Tag Archives: Chief Justice Roberts

Did Roberts Outmaneuver The Liberal Justices?

In the world of politics, there are always two stories – what actually happened, and then what the media says happened.  We are seeing this now, in the media analysis of the Roberts Court’s ruling last Thursday regarding the individual mandate and Obamacare. Most of the major Sunday talk shows devoted much of their programs to a discussion of the ruling, and those discussions were largely dominated by two media memes.

The first is an emerging story, first broached by Paul Campos in this Salon article and also by economist Brad Delong, that Roberts was poised to strike down the mandate in its entirety, but backed down at the last minute in order to avoid the partisan repercussions that such a ruling would have sparked.  Campos writes, “It is impossible for a lawyer to read even the first few pages of the dissent without coming away with the impression that this is a majority opinion that at the last moment lost its fifth vote. Its structure and tone are those of a winning coalition, not that of the losing side in the most controversial Supreme Court case in many years.”    This reasoning would also explain the blistering tone of Justice Ginsburg’s dissent in which she eviscerates Roberts’ argument that the individual mandate does not constitute interstate commerce.  Note in particular Ginsburg’s analysis, in her dissent, of the “broccoli horrible” – it could come right from the Jon Steward Daily Show in terms of its biting tone:

“Underlying THE CHIEF JUSTICE’s view that the Commerce Clause must be confined to the regulation of active participants in a commercial market is a fear that the commerce power would otherwise know no limits. As an example of the type of regulation he fears, THE CHIEF JUSTICE cites a Government mandate to purchase green vegetables. One could call this concern “the broccoli horrible.” Congress, THE CHIEF JUSTICE posits, might adopt such a mandate, reasoning that an individual’s failure to eat a healthy diet, like the failure to purchase health insurance, imposes costs on others.

Consider the chain of inferences the Court would have to accept to conclude that a vegetable-purchase mandate was likely to have a substantial effect on the health-care costs borne by lithe Americans. The Court would have to believe that individuals forced to buy vegetables would then eat them (instead of throwing or giving them away), would prepare the vegetables in a healthy way (steamed or raw, not deep-fried), would cut back on unhealthy foods, and would not allow other factors (such as lack of exercise or little sleep) to trump the improved diet.

When contemplated in its extreme, almost any power looks dangerous. The commerce power, hypothetically, would enable Congress to prohibit the purchase of all meat, fish, and dairy goods, effectively compelling Americans to eat only vegetables. Yet no one would offer the “hypothetical and unreal possibilit[y]” of a vegetarian state as a credible reason to deny Congress the authority ever to ban the possession and sale of heroin. THE CHIEF JUSTICE accepts just such specious logic when he cites the broccoli horrible as a reason to deny Congress the power to pass the individual mandate.

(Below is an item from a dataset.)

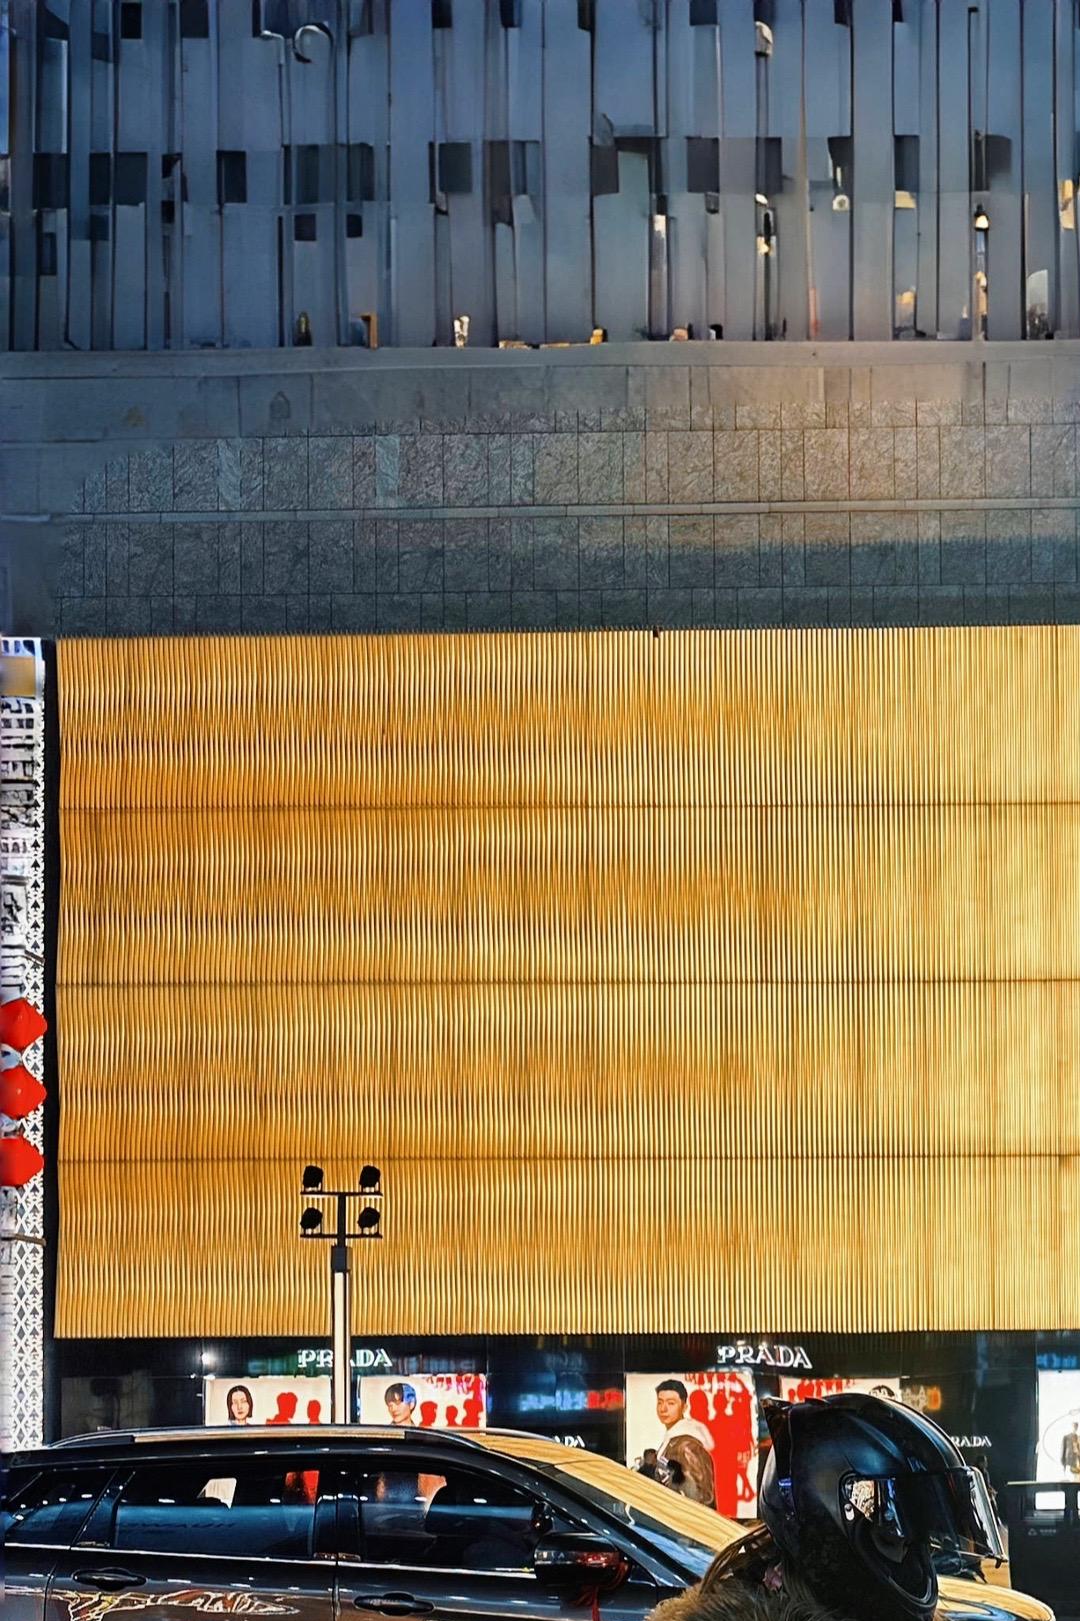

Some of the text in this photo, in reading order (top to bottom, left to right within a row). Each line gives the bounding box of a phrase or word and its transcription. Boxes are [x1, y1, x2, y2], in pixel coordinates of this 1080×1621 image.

For the reasons explained above, the minimum coverage provision is valid Commerce Clause legislation.”

What’s worse than a “nanny” state for a conservative?  A “vegetable state”!  Steamed or raw – but not deep fried!  Such a mocking tone, the argument goes, must be driven by Ginsburg’s assumption that she was on the losing side (which, to be sure, she was when it came to the interstate commerce clause.)

A second media meme, however, suggests that Roberts’ is playing a very deep and forward-looking game, and that from this perspective Thursday’s ruling was a victory for conservatives. As Charles Lane wrote in this Washington Post editorial:  “What emerged was less a legal opinion than a plan for national cohesion, on terms remarkably favorable to conservatives.”   How can a decision upholding Obamacare be favorable to conservatives?  First, because by rebranding the penalty as a “tax”, Roberts has provided a rallying point to energize the Tea Party and he has made it more difficult for Obama to run on health care reform as his signature accomplishment.  As Lane puts it, “Conservatives reproach Roberts for activism, saying he “rewrote” Obamacare. He sure did. Formerly, it embodied progressive hopes for a more active federal government and a Democratic political majority. Now, it’s truncated and facing a political battle royale in November with a big “tax” sign around its neck.”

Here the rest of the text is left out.